▸ Description of the task
Without the pictures, set down the records below word for word.

[Material for this task Boundary: Start]

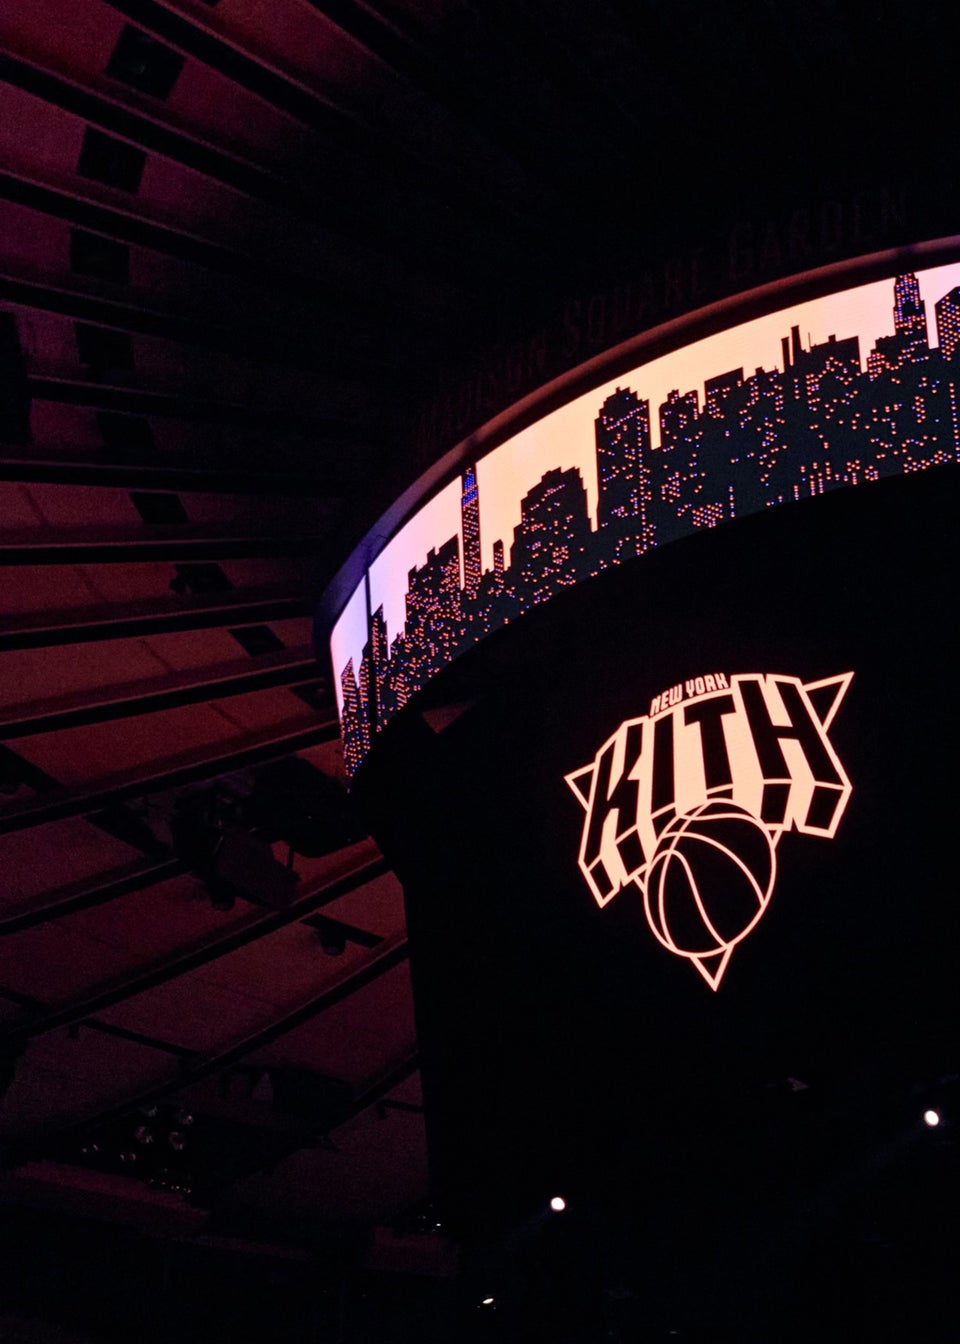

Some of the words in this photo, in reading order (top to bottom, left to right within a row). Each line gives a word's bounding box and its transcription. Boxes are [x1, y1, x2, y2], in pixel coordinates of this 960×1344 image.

[726, 184, 909, 283] GARDEN
[650, 684, 682, 716] NEW
[685, 673, 729, 698] YORK
[564, 671, 855, 908] KITH
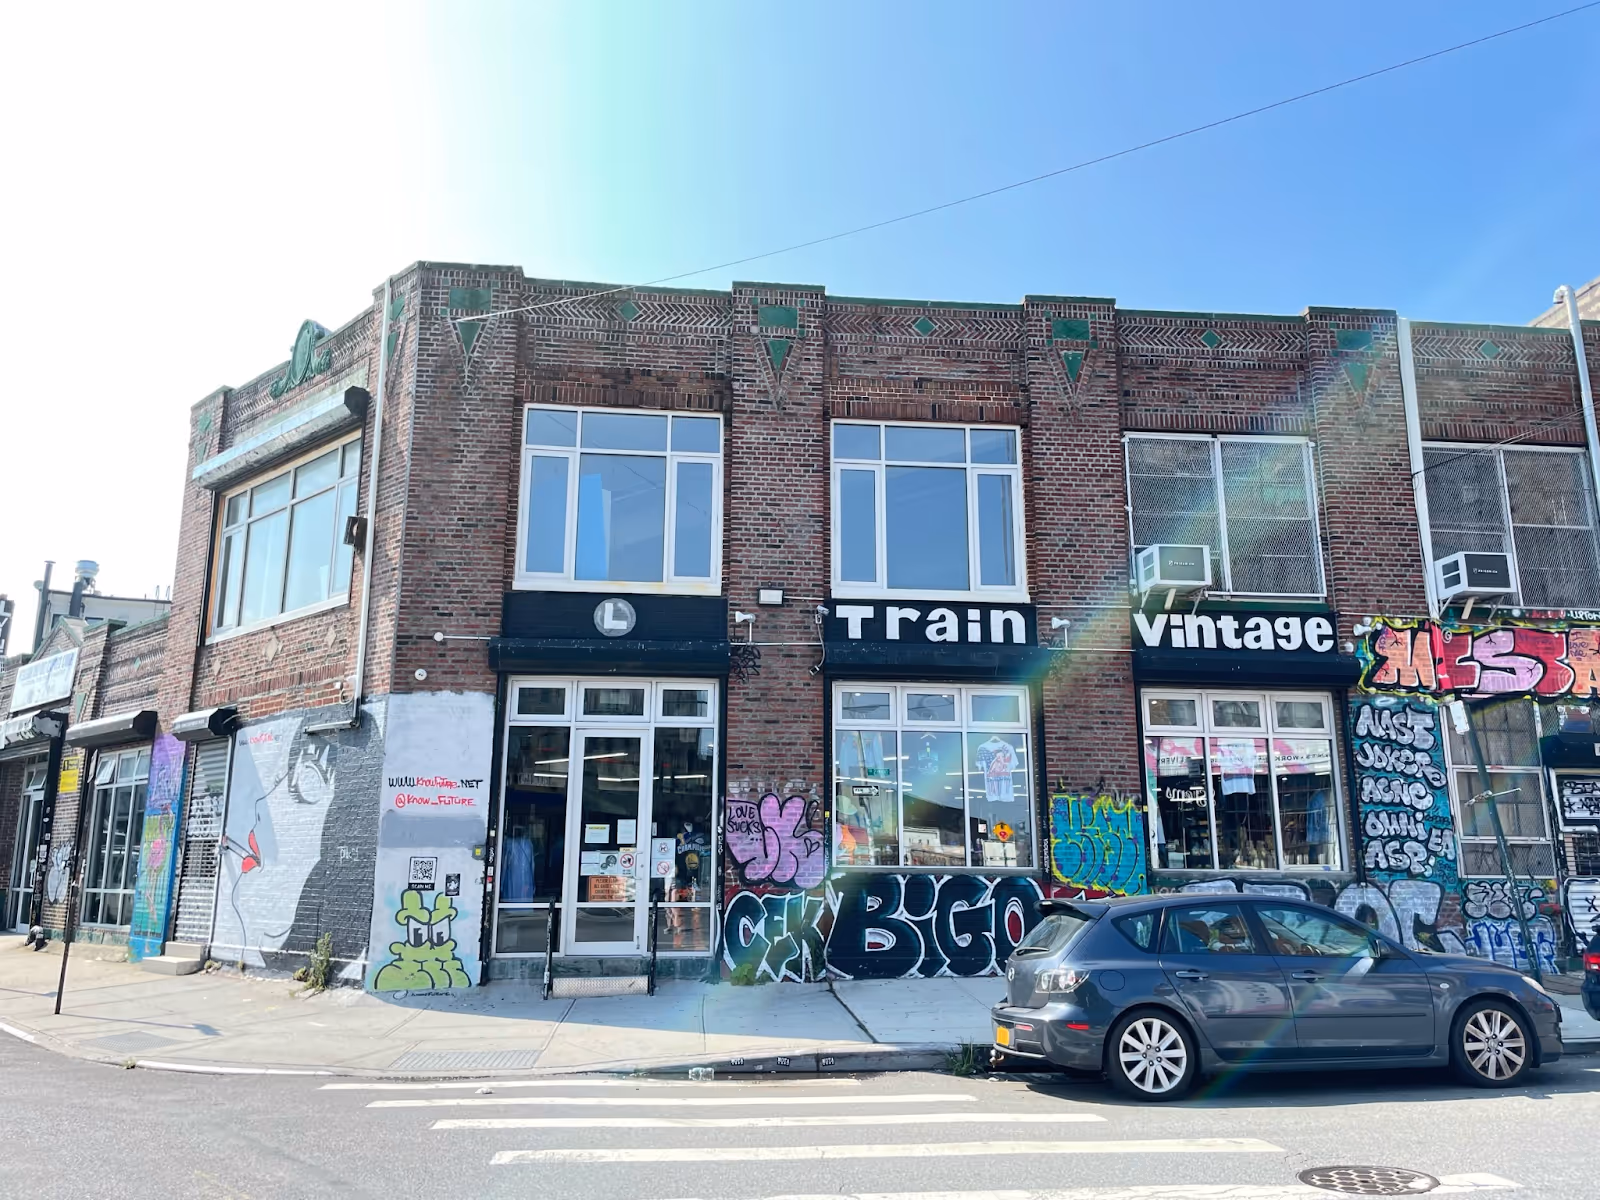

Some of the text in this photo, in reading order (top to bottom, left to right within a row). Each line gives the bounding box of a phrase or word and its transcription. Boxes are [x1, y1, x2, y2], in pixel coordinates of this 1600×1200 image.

[603, 602, 627, 630] L
[835, 605, 1026, 643] Train
[1132, 612, 1335, 652] Vintage
[728, 805, 756, 819] LOVE
[727, 819, 761, 835] SUCKS
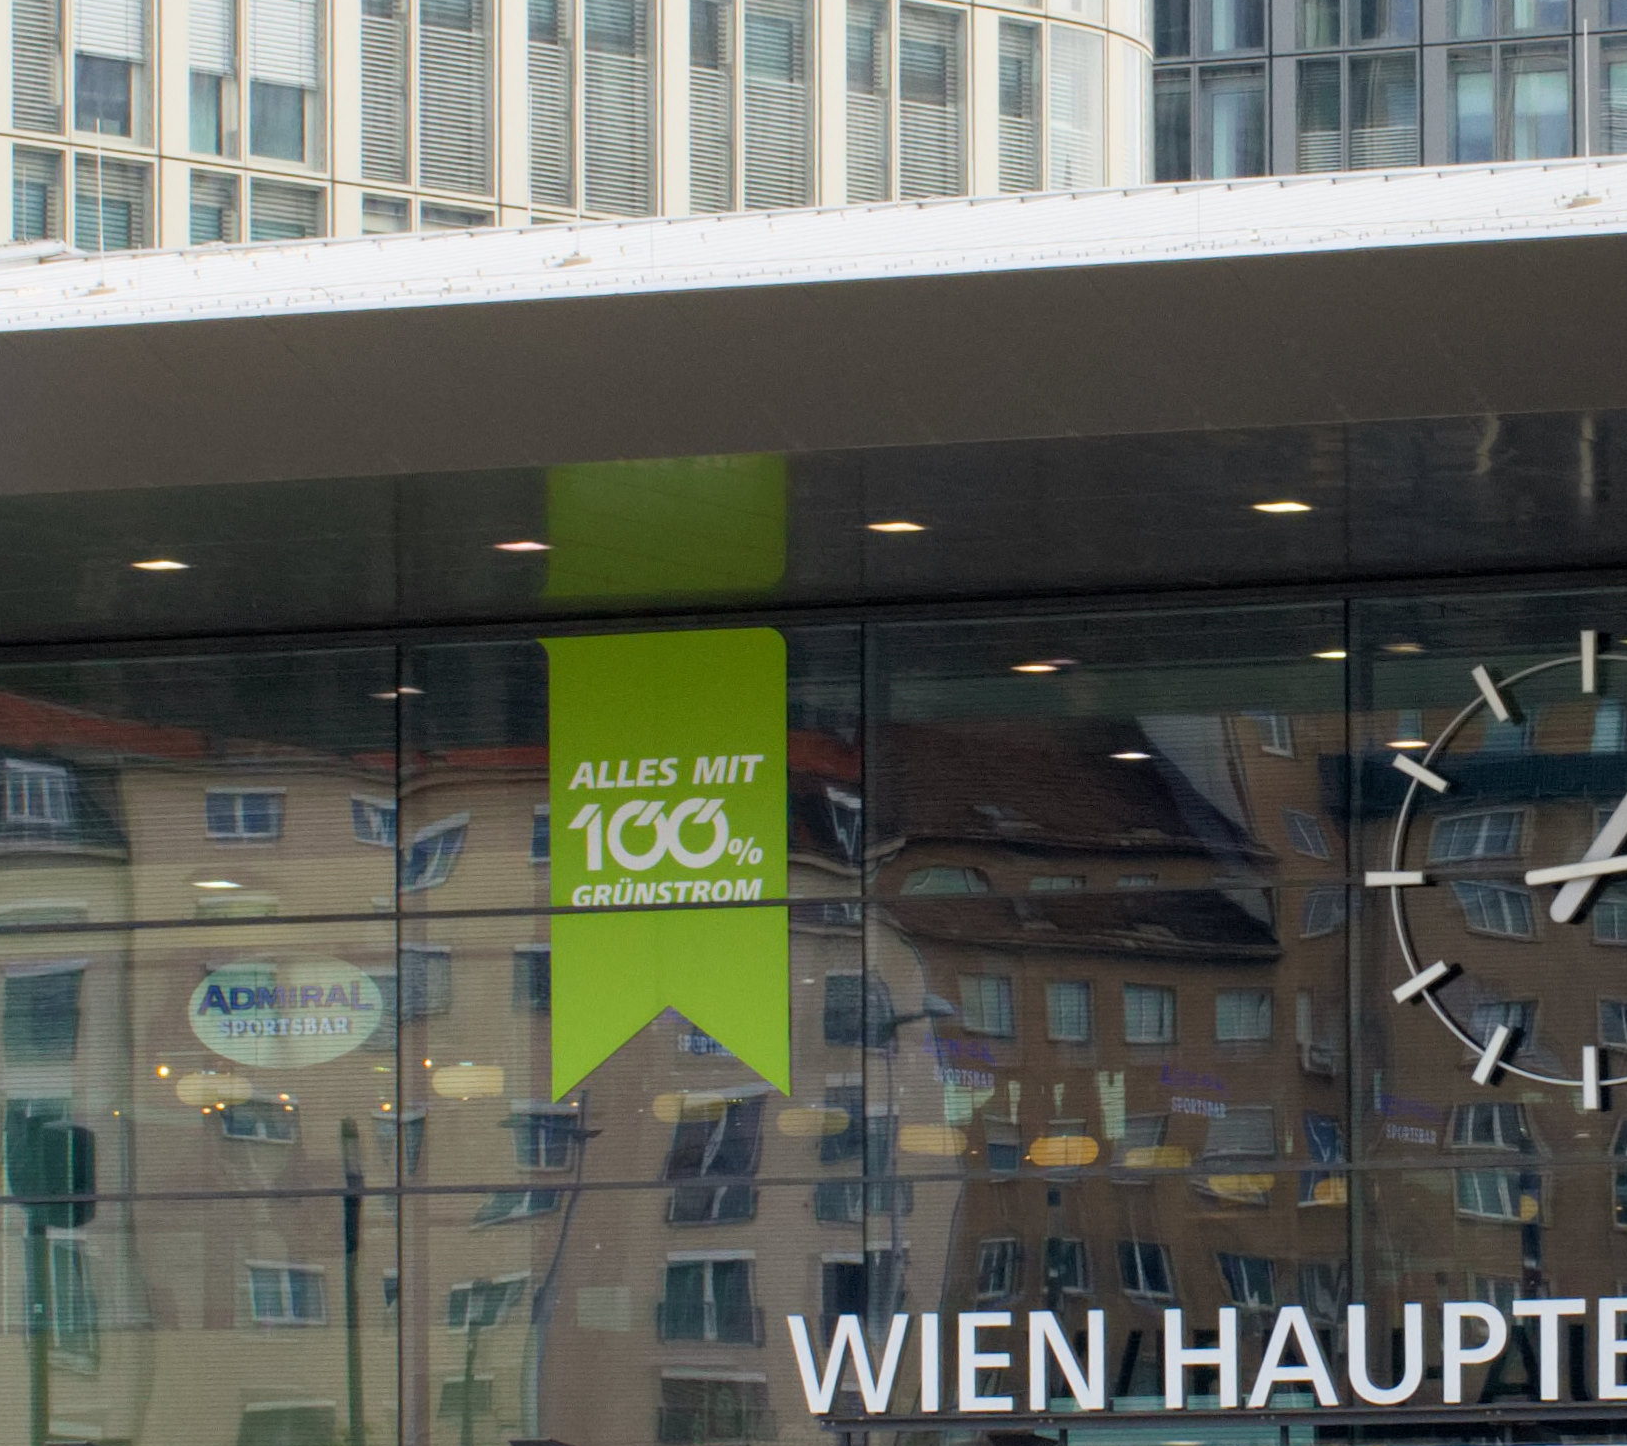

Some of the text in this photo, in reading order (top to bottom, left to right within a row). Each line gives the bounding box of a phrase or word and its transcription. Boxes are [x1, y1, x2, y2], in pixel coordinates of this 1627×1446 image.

[Material for this task Boundary: End]

▸ Your solution
Some of the words in this photo, in reading order (top to bottom, left to right within a row). Each line gives a word's bounding box and its transcription. Boxes are [x1, y1, x2, y2], in pixel coordinates of this 960×1344 image.

[726, 184, 909, 283] GARDEN
[650, 684, 682, 716] NEW
[685, 673, 729, 698] YORK
[564, 671, 855, 908] KITH

Some of the text in this photo, in reading order (top to bottom, left to right within a row). Each line gives the bounding box of a phrase or word and its transcription. Boxes are [x1, y1, x2, y2], in pixel coordinates of this 1600×1200 image.

[603, 602, 627, 630] L
[835, 605, 1026, 643] Train
[1132, 612, 1335, 652] Vintage
[728, 805, 756, 819] LOVE
[727, 819, 761, 835] SUCKS

Some of the text in this photo, in reading order (top to bottom, left to right within a row). Each line gives the bounding box of a phrase or word and its transcription. Boxes are [x1, y1, x2, y2], in pixel coordinates of this 1627×1446 image.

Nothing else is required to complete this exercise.